What this means is that yes it is currently possible that your
application would run itself out of memory if it keeps producing and
sending new RPCs faster than the server can handle. As the TODO shows
above, there is currently no mechanism in asynchbase to prevent this
from happening. It's not hard to put a limit on the number of RPCs in
flight, what's hard and the reason why I haven't done this yet is:
what do you do once you hit that limit? The premise of asynchbase is
to never block, so how do we relay some back pressure to the caller to
tell them to slow down?
In the event that the META cache didn't know where the key was, a META
lookup needs to occur. This can also be problematic. To see how,
create a new HBaseClient, and have a tight loop create 1000000 RPCs,
each for a different key, and send them all to the HBaseClient. The
client will think it needs to do one META lookup per RPC, which would
be really bad and cause what I call a "META storm", as all of a sudden
a bazillion lookups hit the META region. In order to try to mitigate
this, and because META lookups are generally fast, there is a
rate-limit mechanism which is explained in the javadoc of the
acquireMetaLookupPermit method in RegionClient.java. The idea is that
there is a semaphore that controls the number of META lookups that can
happen concurrently, and when the semaphore runs out of permits,
subsequent META lookups get a 5ms penalty. In this case I "cheated"
because I'm actually blocking, albeit only for 5ms. I found this
strategy to be rather effective as it significantly reduces the
magnitude of "META storms" when they happen.
In my experience however, the concerns above, although they're real,
don't tend to cause big practical production issues. The problems
tend to come from region unavailability due to splits / balancing /
failures.
What happens then is that the RegionServer will return a
NoSuchRegionException (during balancing / splits), or the connection
to the RegionServer will fail if the RegionServer is dead (the best
case is because the JVM of the RS is dead, so the OS will just reset
all the connections, the worst case is if the JVM isn't dead or the
machine is dead, in which case you have to wait until the TCP
connection keep-alive times out). Once a region is identified as
being unavailable, it is marked as such in HBaseClient's META cache,
so that all subsequent RPCs to this region don't even go to the
network. Instead, they get diverted into a queue where they wait
until the region comes back online. This queue has a hard-coded limit
of 10k RPCs per region. There is actually a low watermark (hardcoded
at 1k RPCs) and a high watermark (hardcoded at 10k RPCs). When the
low watermark is hit, the 1000th RPCs to try to enter the queue will
immediately fail with a PleaseThrottleException, which you can handle
by adding an errback to the Deferred of your RPCs.

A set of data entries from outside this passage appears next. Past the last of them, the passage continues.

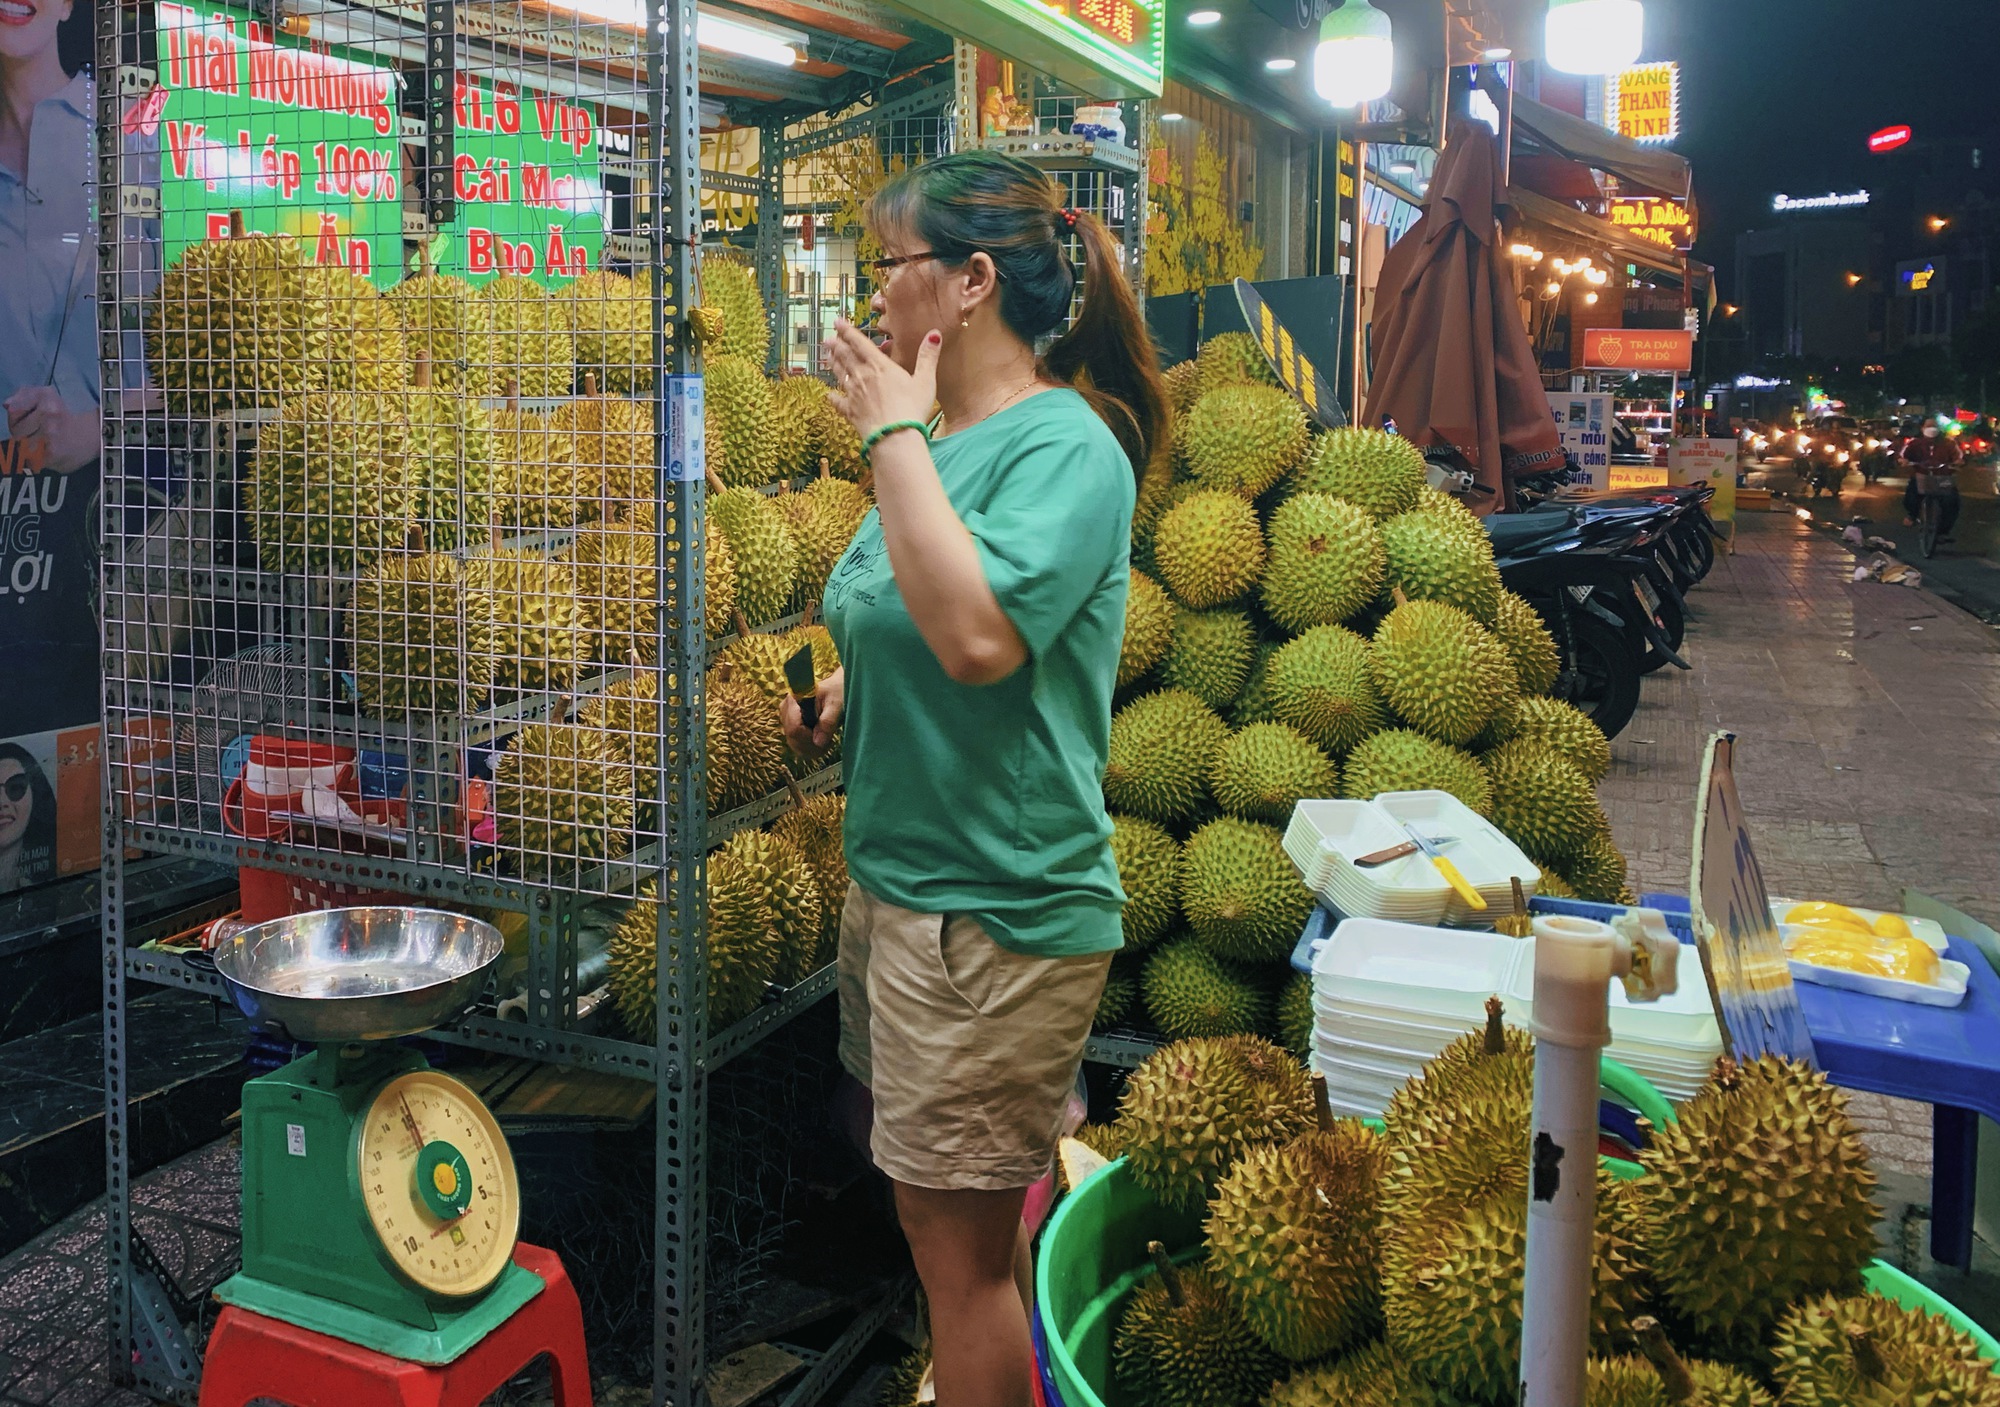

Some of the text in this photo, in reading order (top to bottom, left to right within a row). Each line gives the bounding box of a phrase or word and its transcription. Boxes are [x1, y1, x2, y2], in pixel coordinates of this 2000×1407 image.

[161, 2, 239, 97] Thái
[1624, 69, 1670, 87] VÀNG
[166, 121, 223, 192] Ví
[313, 142, 396, 201] 100%
[1773, 189, 1870, 209] Sacombank
[315, 212, 372, 277] Ăn
[546, 224, 588, 279] Ăn
[373, 1184, 384, 1196] 12
[477, 1184, 488, 1200] 5
[384, 1217, 394, 1230] 11
[403, 1235, 419, 1256] 10

Then subsequent
RPCs are also queued until the high watermark is hit, after which all
subsequent RPCs will fail-fast with a PleaseThrottleException.
The idea behind PleaseThrottleException is that this is how asynchbase
is trying to apply non-blocking back pressure on the caller when
things are backing up too much. When you get it, you can handle it
however you want. Typically what I would recommend you do is that you
turn a boolean to mark the server as unhealthy, so that it stops
receiving traffic.
I hope this helped shed some light on the current state of things.
There is obviously a lot of room for improvement, and I'm all hear if
you have cool ideas on how to properly apply back pressure in a
non-blocking fashion in various scenarios above, while mitigating the
risk of running ourselves out of memory.
--
Benoit "tsuna" Sigoure
Software Engineer @
www.StumbleUpon.com